Collected data

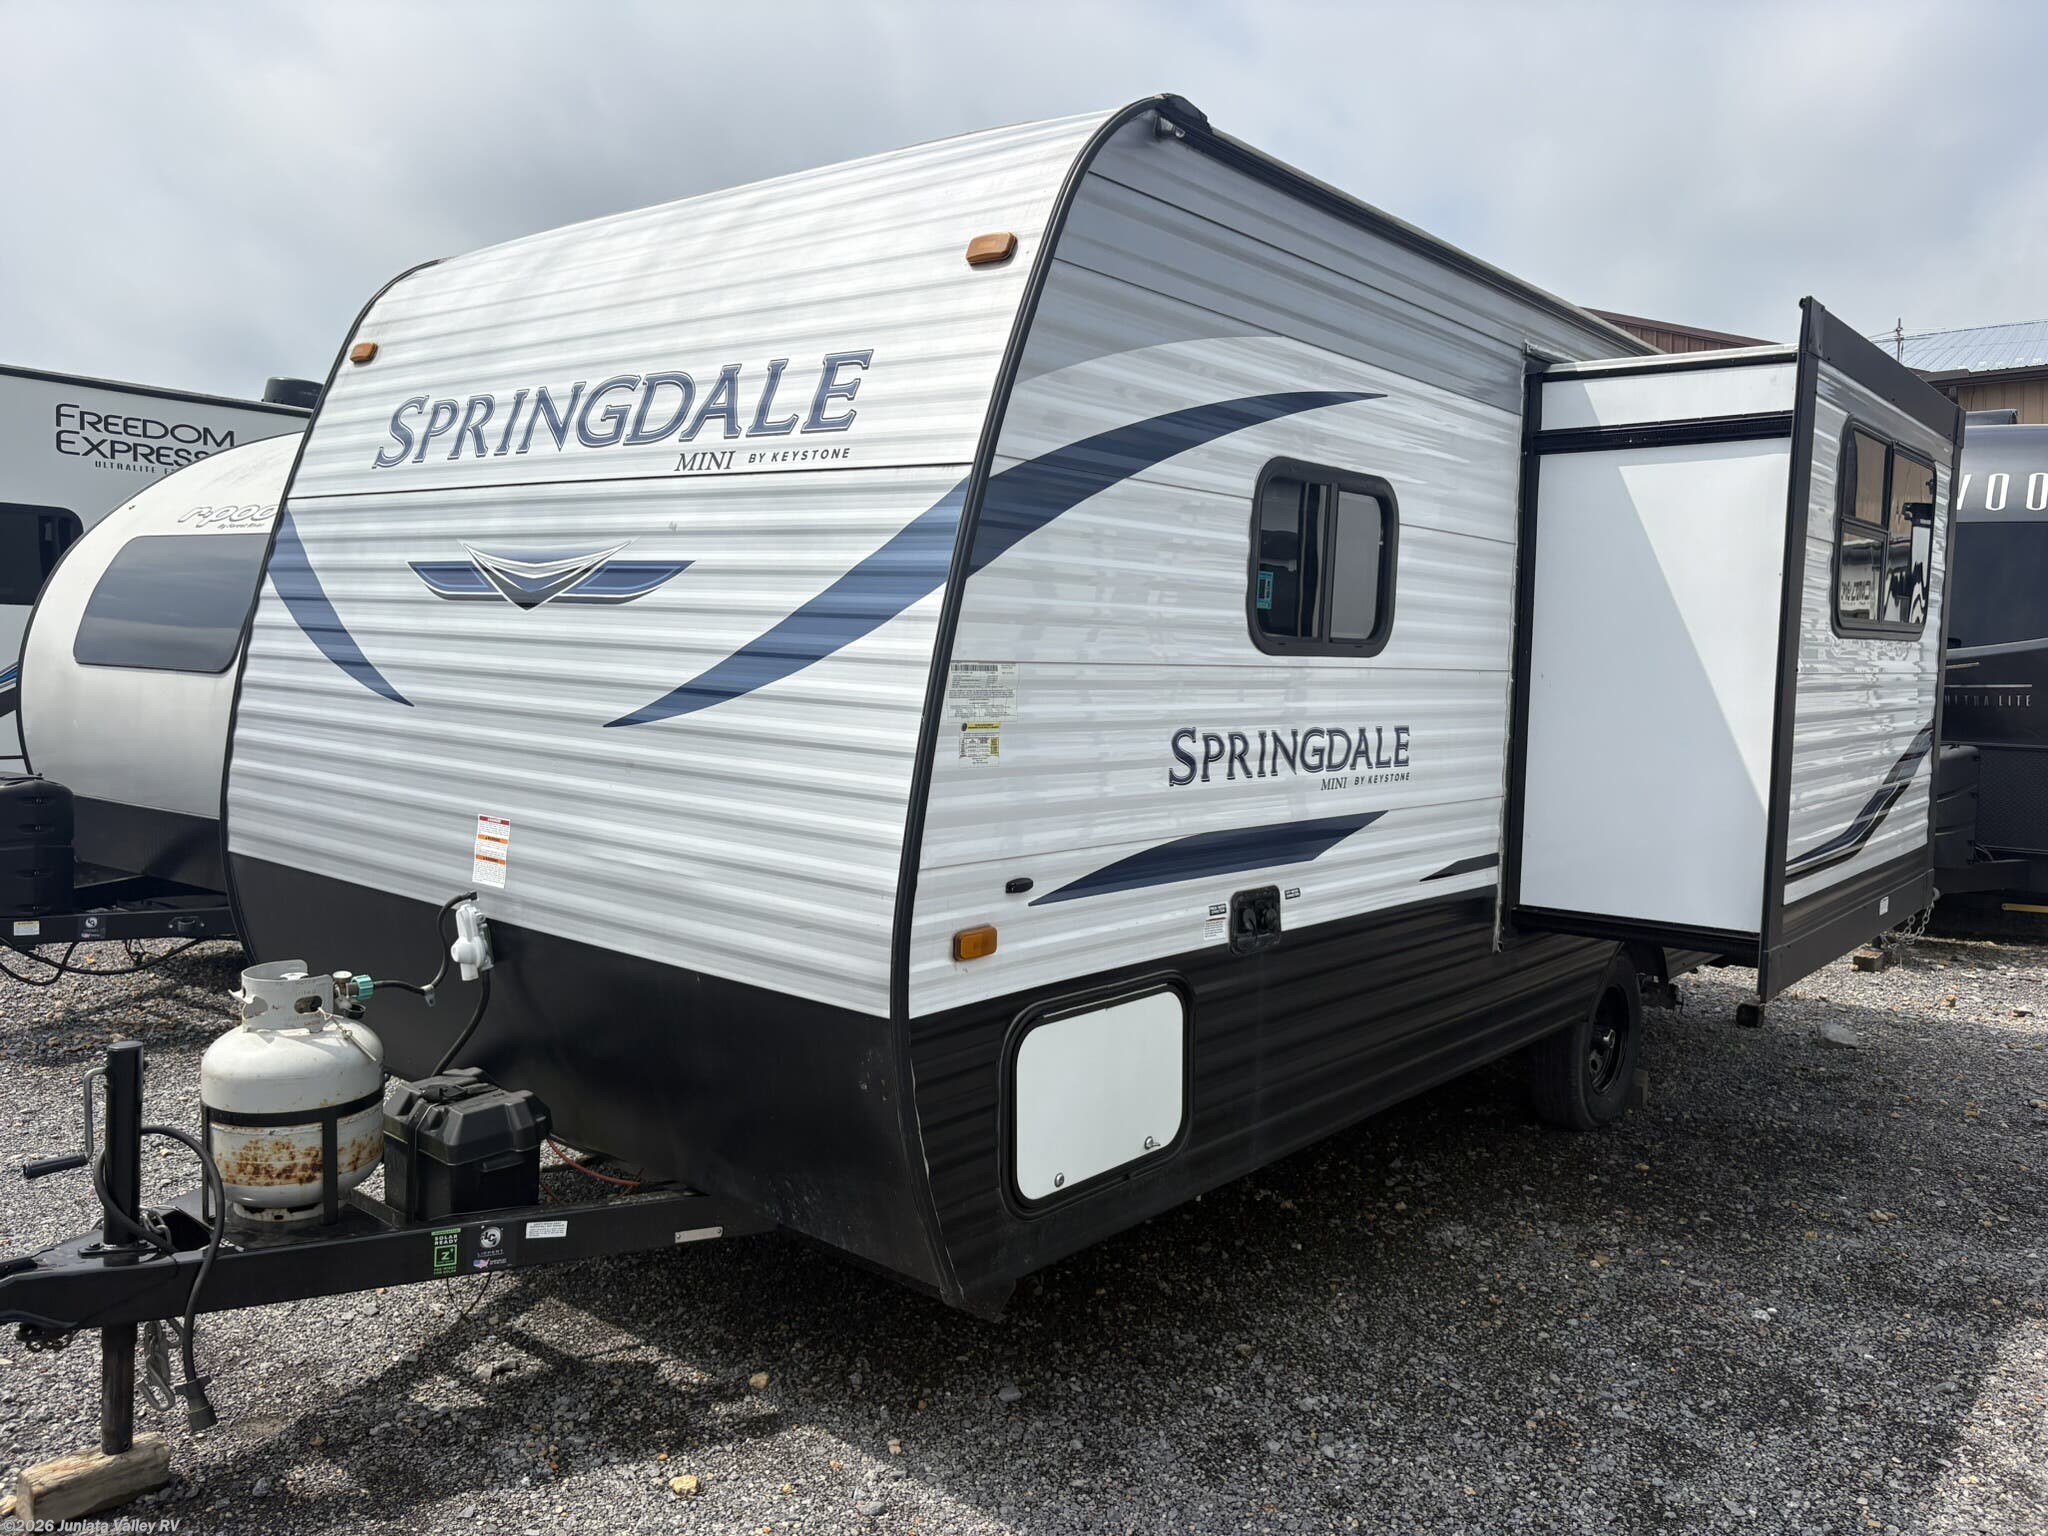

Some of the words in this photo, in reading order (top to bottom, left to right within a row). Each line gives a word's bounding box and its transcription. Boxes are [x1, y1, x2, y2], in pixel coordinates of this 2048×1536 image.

[371, 348, 874, 469] SPRINGDALE
[55, 403, 235, 448] FREEDOM
[95, 460, 156, 474] ULTRALITE
[674, 450, 736, 472] MINI
[748, 453, 766, 464] BY
[771, 448, 850, 463] KEYSTONE
[1999, 695, 2031, 707] LITE
[1168, 725, 1410, 787] SPRINGDALE
[1320, 777, 1347, 791] MINI
[1354, 776, 1365, 785] BY
[1367, 772, 1410, 784] KEYSTONE
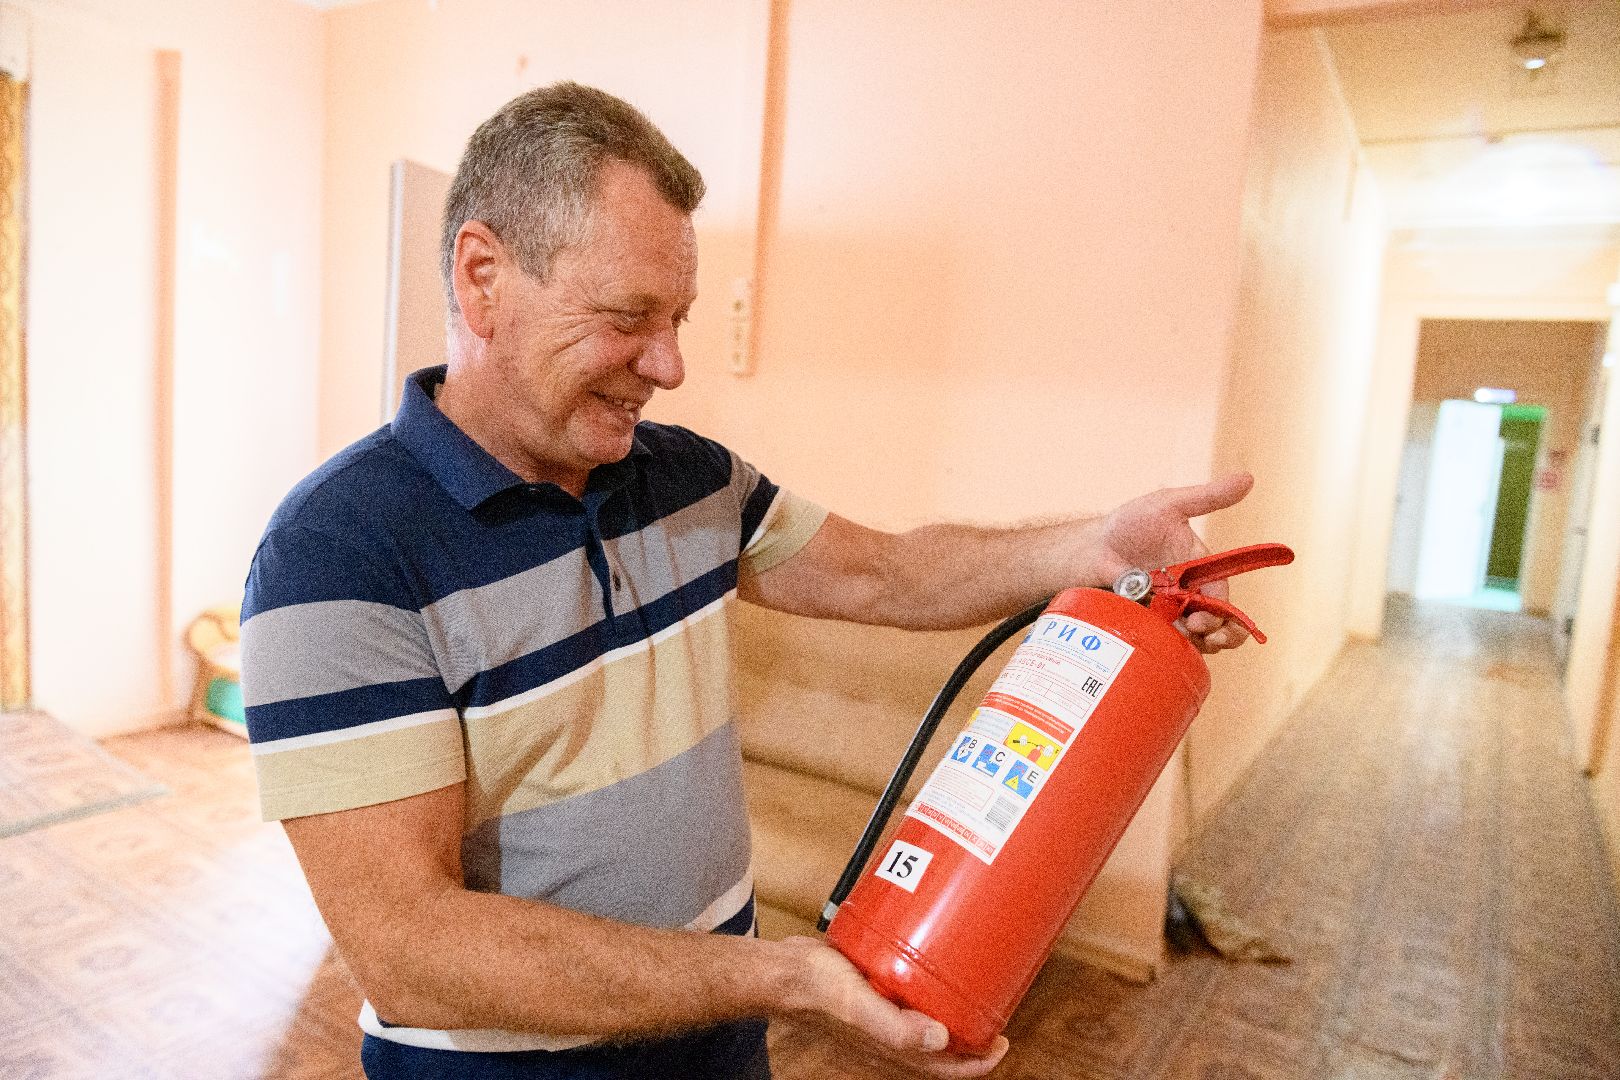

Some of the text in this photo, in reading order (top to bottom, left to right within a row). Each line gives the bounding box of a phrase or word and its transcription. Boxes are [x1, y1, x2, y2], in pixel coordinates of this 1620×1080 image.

◆ What you are asked to do:
Text only, pictures out: give every record again as written.

◆ Result:
Some of the words in this photo, in reading order (top to bottom, left to right within a row). Each line gives a word's bounding box and its transcription. Boxes are [x1, y1, x2, y2], in pixel coordinates of this 2048×1536 image.

[371, 348, 874, 469] SPRINGDALE
[55, 403, 235, 448] FREEDOM
[95, 460, 156, 474] ULTRALITE
[674, 450, 736, 472] MINI
[748, 453, 766, 464] BY
[771, 448, 850, 463] KEYSTONE
[1999, 695, 2031, 707] LITE
[1168, 725, 1410, 787] SPRINGDALE
[1320, 777, 1347, 791] MINI
[1354, 776, 1365, 785] BY
[1367, 772, 1410, 784] KEYSTONE

Some of the text in this photo, in reading order (top to bottom, left to right within a row). Each line gives the bounding box of a phrase or word and its transcription. Boxes are [x1, y1, x2, y2], in pixel coordinates of this 1620×1080 image.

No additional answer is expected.